By 10 AM ET (1400 GMT), the Dow Jones Industrial Average was up 465 points, or 1.9%, at 24,567 points. The S&P 500 was up 2.2% and the Nasdaq Composite was up 2.6%.
The Nasdaq (NASDAQ:NDAQ) was helped by a strong contribution from Alphabet (NASDAQ:GOOGL) stock, which rose 7.8% after better-than-expected first-quarter earnings. Chief financial officer Ruth Porat told an analyst call that there had been no further big drops in advertising revenue in April after a sharp fall in March. YouTube, one of the company’s biggest cash cows, raked in $4.0 billion in the quarter, a rise of 33% from a year earlier.
Earlier, Gilead had said that a stage 1 trial of remdesivir had shown that the retroviral drug helped improve symptoms in Covid-19 patients who were given the drug early. The effect on those who were given it at a later stage were not as positive.

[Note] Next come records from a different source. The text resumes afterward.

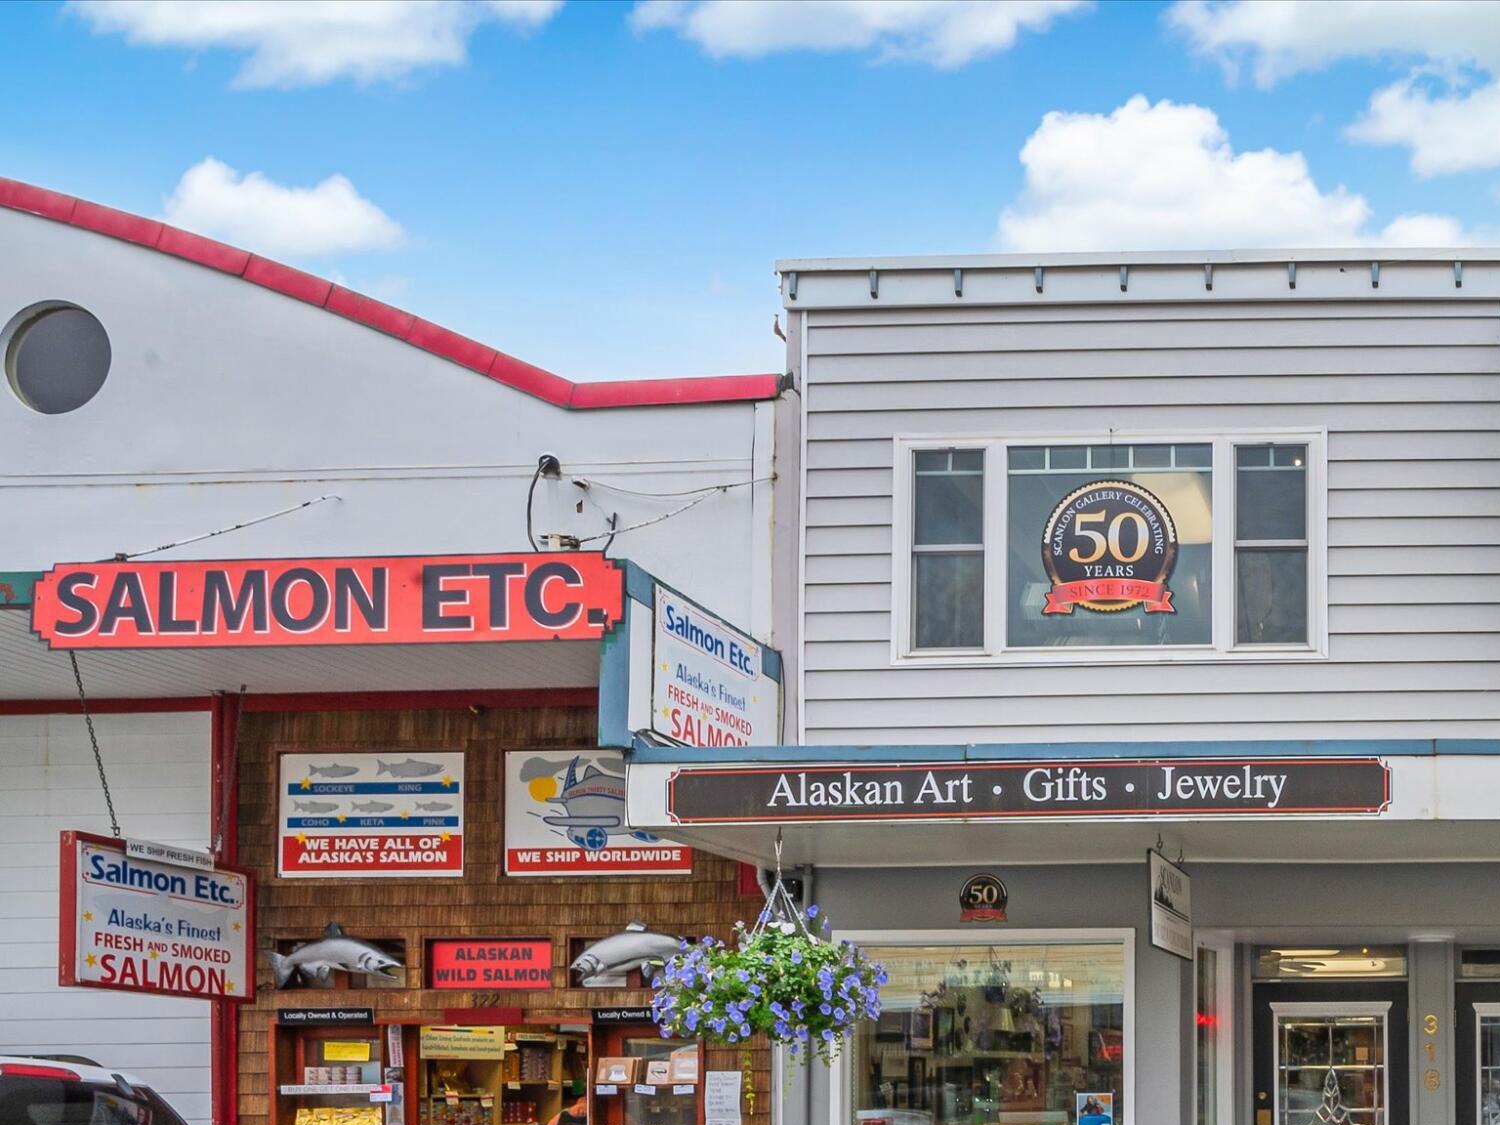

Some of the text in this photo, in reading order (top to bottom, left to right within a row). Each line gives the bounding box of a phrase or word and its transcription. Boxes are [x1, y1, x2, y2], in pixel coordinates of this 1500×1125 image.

[1053, 491, 1164, 557] SCANLON GALLERY CELEBRATING
[1069, 509, 1150, 563] 50
[1084, 565, 1134, 577] YEARS
[54, 561, 606, 637] SALMON ETC.
[1070, 584, 1150, 597] SINCE 1972
[665, 605, 754, 676] Salmon Etc.
[676, 663, 717, 698] Alaska's
[668, 684, 752, 737] FRESH AND SMOKED
[313, 783, 422, 793] SOCKEYE KING
[767, 765, 1288, 808] Alaskan Art Gifts Jewelry
[301, 817, 446, 827] COHO KETA PINK
[130, 843, 212, 866] WE SHIP FRESH FISH
[305, 838, 442, 850] WE HAVE ALL OF
[298, 851, 447, 863] ALASKA'S SALMON
[517, 850, 681, 863] WE SHIP WORLDWIDE
[90, 854, 235, 905] Salmon Etc.
[969, 885, 998, 904] 50
[108, 909, 221, 941] Alaska's Finest
[94, 932, 231, 964] FRESH AND SMOKED
[455, 947, 532, 960] ALASKAN
[100, 953, 227, 995] SALMON
[436, 968, 552, 981] WILD SALMON
[471, 992, 500, 1008] 322
[284, 1011, 368, 1020] Locally Owned & Operated
[598, 1011, 621, 1020] Locally
[622, 1011, 645, 1019] Owned
[1423, 1014, 1441, 1091] 318

Interest in Gilead’s drug has been high as there are currently no approved treatments or preventive vaccines for Covid-19, something that analysts say leaves the global economy vulnerable to secondary waves of infection over the next year or two. Gilead stock rose 5.9% at opening to within a couple of percent of the two-year high it earlier in April.

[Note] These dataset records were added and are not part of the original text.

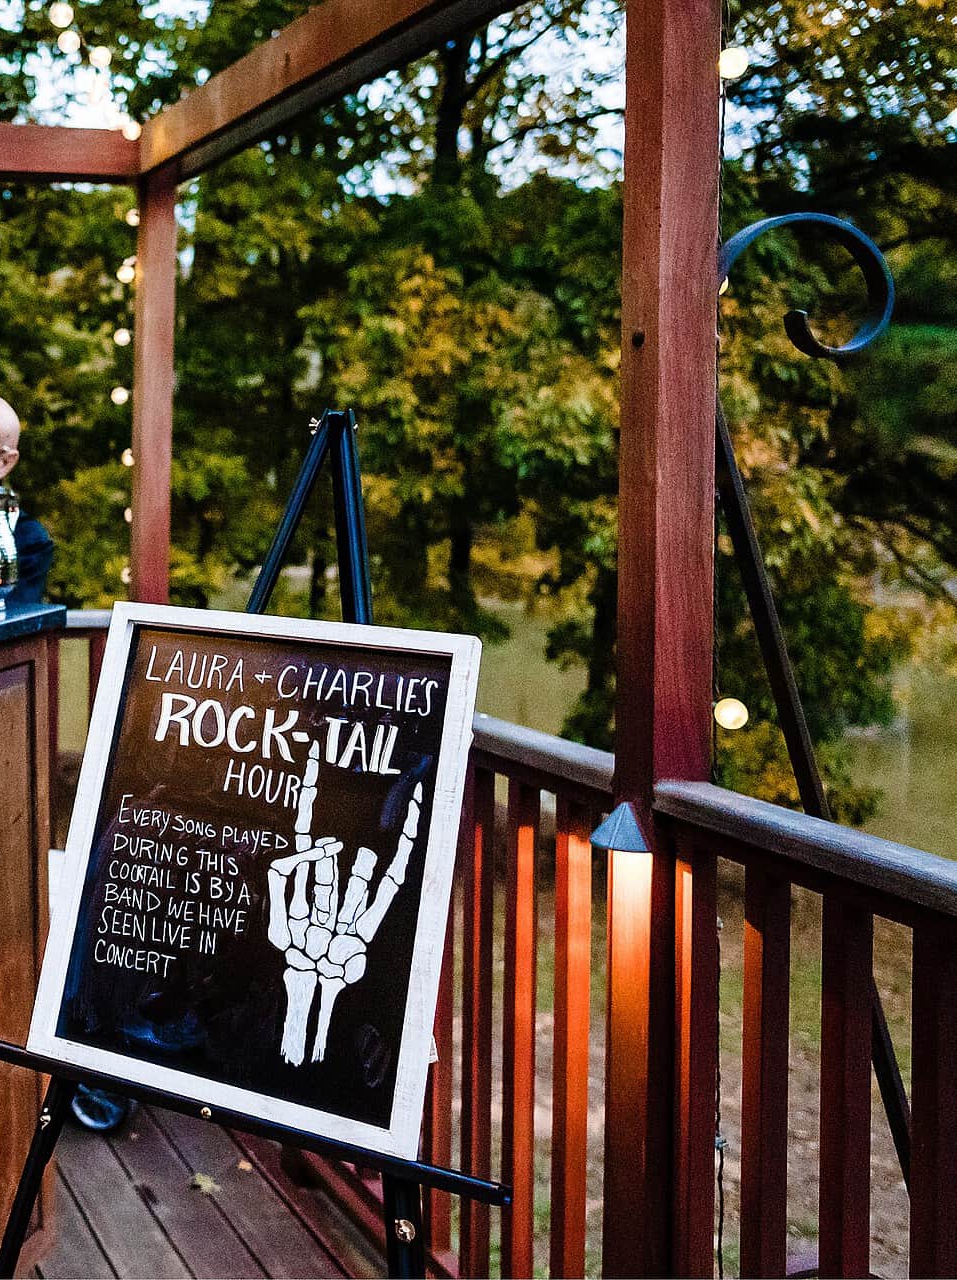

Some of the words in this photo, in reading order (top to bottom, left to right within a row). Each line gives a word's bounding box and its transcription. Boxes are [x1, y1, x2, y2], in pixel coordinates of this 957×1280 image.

[146, 646, 245, 692] LAURA
[277, 665, 439, 717] CHARLIE'S
[223, 759, 301, 810] HOUR
[113, 833, 188, 866] DURING
[196, 850, 239, 876] THIS
[172, 815, 217, 838] SONG
[221, 826, 289, 854] PLAYED
[109, 860, 176, 889] COCKTAIL
[185, 872, 201, 894] IS
[237, 882, 251, 906] A
[97, 906, 146, 942] SEEN
[151, 917, 191, 949] LIVE
[199, 930, 217, 955] IN
[105, 883, 161, 912] BAND
[168, 896, 195, 921] WE
[198, 902, 247, 933] HAVE
[94, 939, 177, 978] CONCERT

The prospect of progress in finding a cure lifted airline and cruise stocks disproportionately, on the perception that they have most to gain from the boost to public confidence from having a readily available treatment for the disease.
The same reasoning also lifted the price of crude oil. U.S. crude futures extended gains to be up 24.5% at $15.38 a barrel by 10 AM ET. The international Brentcontract rose 7.2% to $24.38.
The news deflected attention away from the weakest report for U.S. gross domestic product in almost 12 years. The economy shrank by an annualized 4.8% in the first quarter, even more than expected by analysts, as personal consumption slumped in response to mass layoffs as state authorities issued a barrage of lockdown orders through March.
The collapse was also reflected in a wider-than-expected loss of $1.7 billion for Boeing. Boeing (NYSE:BA) stock still rose 5.7% after Reuters reported that the company is preparing to cut around 10% of its workforce as it brings production down into line with a much lower level of expected future demand.
One underperformer was Advanced Micro Devices (NASDAQ:AMD) stock, which fell 3.5% after the chipmaker lowered the bottom end of its guidance for 2020 sales growth to 20% from 28% previously.